Two very loose ends of the ADQL 2.1 PR
Dobos, László
dobos at complex.elte.hu
Tue May 29 18:28:52 CEST 2018
Hi everyone,
I've been working on SkyQuery for years at JHU and it became clear quite early that cross-matching is not an operator like join because it can be defined between more than two tables. So a different wording, maybe "spatial join" would be better and reserve cross-match for later use.
-Laszlo
-----Original Message-----
From: dal-bounces at ivoa.net [mailto:dal-bounces at ivoa.net] On Behalf Of Markus Nullmeier
Sent: Saturday, May 26, 2018 4:17 AM
To: dal at ivoa.net
Cc: Dave Morris <dmr at roe.ac.uk>
Subject: Two very loose ends of the ADQL 2.1 PR
Hello list,
Problem A:
I have been made aware of Section 4.2.7: "Preferred crossmatch syntax"
of the ADQL 2.1 PR. As one of the maintainers of pgSphere, which is actually used by many a data centre to run various other software on top of it to implement ADQL, I claim to have some, if indirect, insight on real-world deployment of ADQL.

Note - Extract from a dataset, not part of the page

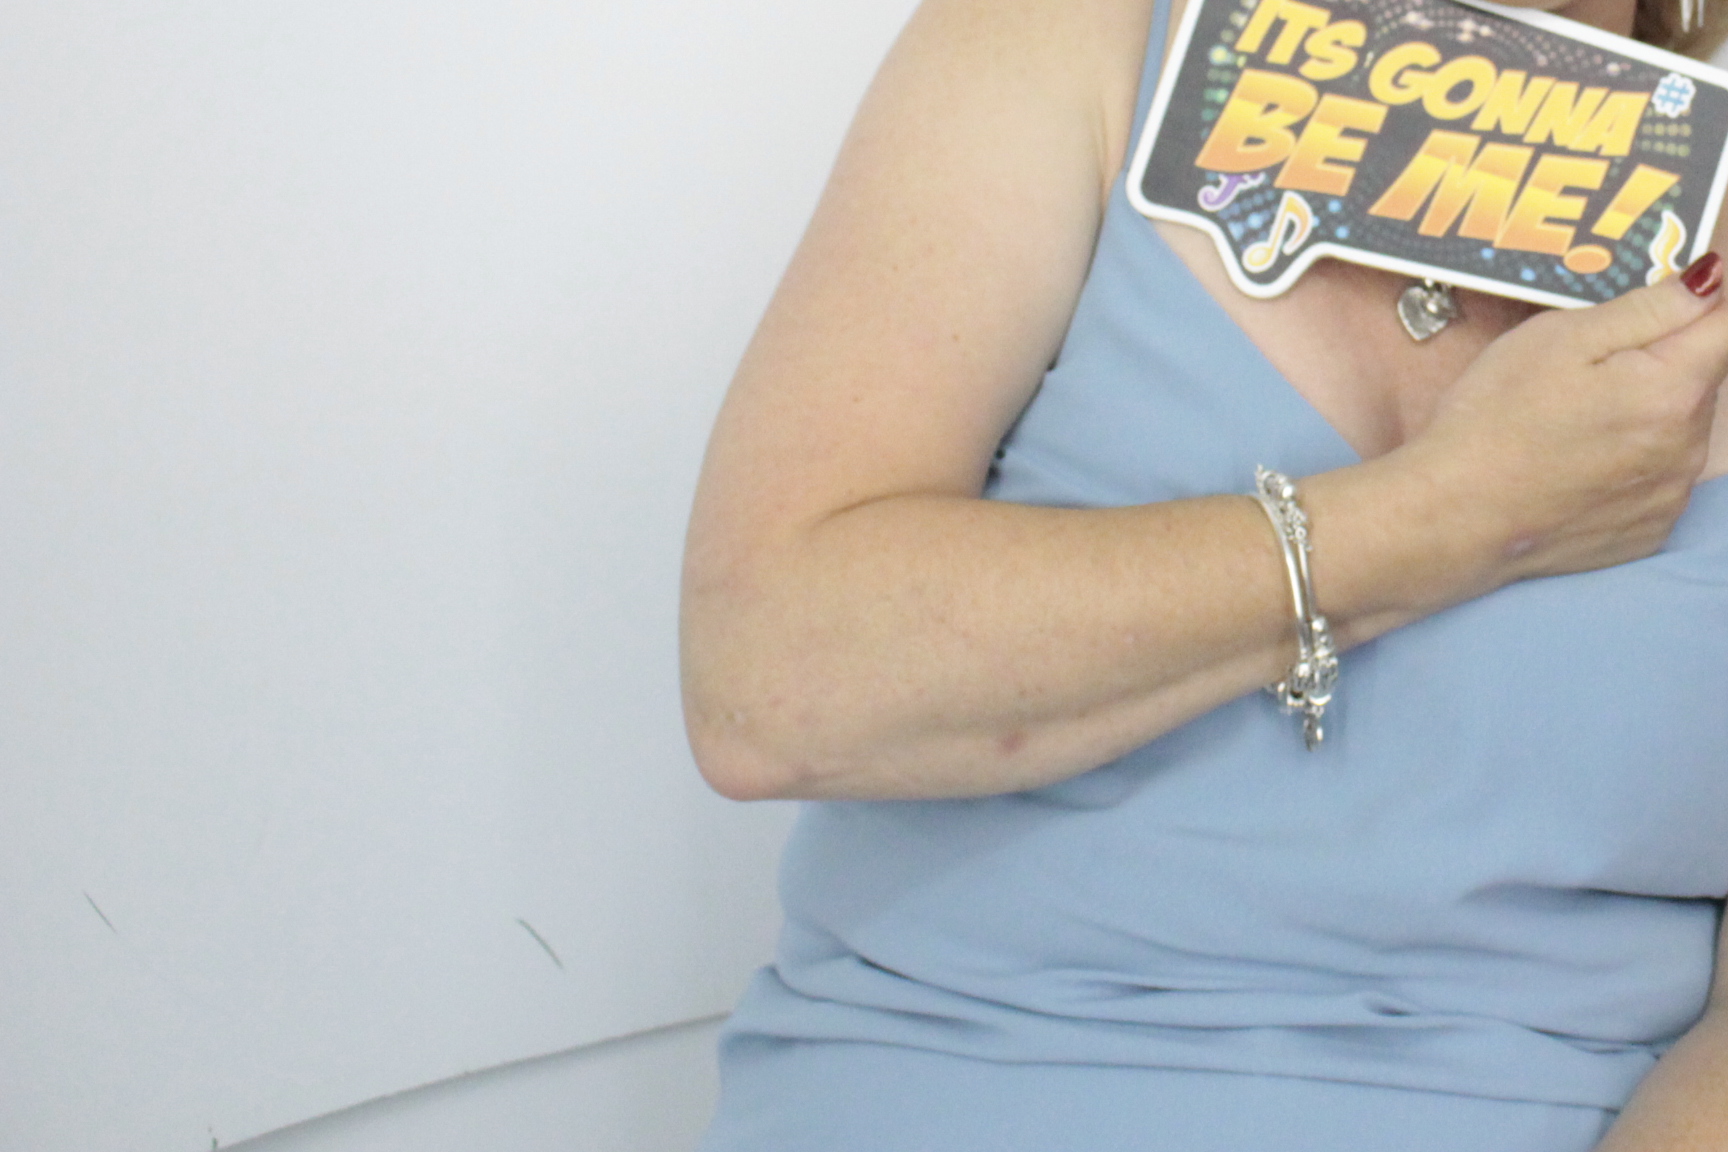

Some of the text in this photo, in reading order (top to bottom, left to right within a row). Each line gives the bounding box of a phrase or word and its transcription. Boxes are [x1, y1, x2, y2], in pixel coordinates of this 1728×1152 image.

While I do not have an opinion on ADQL syntax, I find the following sentence to be highly problematic:
"Clients posing crossmatch-like queries are advised to phrase them
this way rather than semantically equivalent alternatives, and
services are encouraged to ensure that this form of join is executed
efficiently;"
For, in the real world, quite a few existing and very important services will virtually certainly, for ages to come, refrain from the effort to upgrade the ADQL implementations they are using with the necessary updates to rewrite queries accordingly -- however small and seemingly simple these changes appear to be.
But the net result of that sentence will be that some users or even client implementers are going to pick up that "good advice", giving them a spectacularly bad VO experience on many real services, where the underlying database software (whatever it is) will use sequential scans instead of index scans, with the latter of course being orders of magnitude faster.
Besides, there is a rather odd mismatch between the quite strong choice of "advised" for users / clients and the much weaker word "encouraged"
for services.
My recommendation is therefore to remove the words
"Clients posing crossmatch-like queries are advised to phrase them
this way rather than semantically equivalent alternatives"
for good. Also, if the net effect of pushing some kind of crossmatch syntax (by the way, what about cone search?) is to have any hope, then a sentence such as "This syntax MUST be handled as efficient or better as semantically equivalent queries" would be in order.
But I do believe enacting such a "quick fix" would be premature, because it is the antitheses of meaningful interoperability:
The proposed preferred syntax of Section 4.2.7 did not exist before ADQL 2.1. Thus, the most efficient crossmatch syntax of older services is necessarily something else. But by following the old rule "be liberal in what you accept, be conservative in what you send", new ADQL services should really make sure that _any_ efficient crossmatch syntax that had had a significant following in past would be executed in the most efficient way.
However, I personally lack the data about extant efficient ADQL crossmatch queries. Lacking this data, it may be wise to postpone Section 4.2.7 to ADQL 3.0.
Problem B:
To the best of my knowledge, the TAP 1.1 PR does not mention ADQL boxes. I wonder what still having boxes in ADQL means in this context.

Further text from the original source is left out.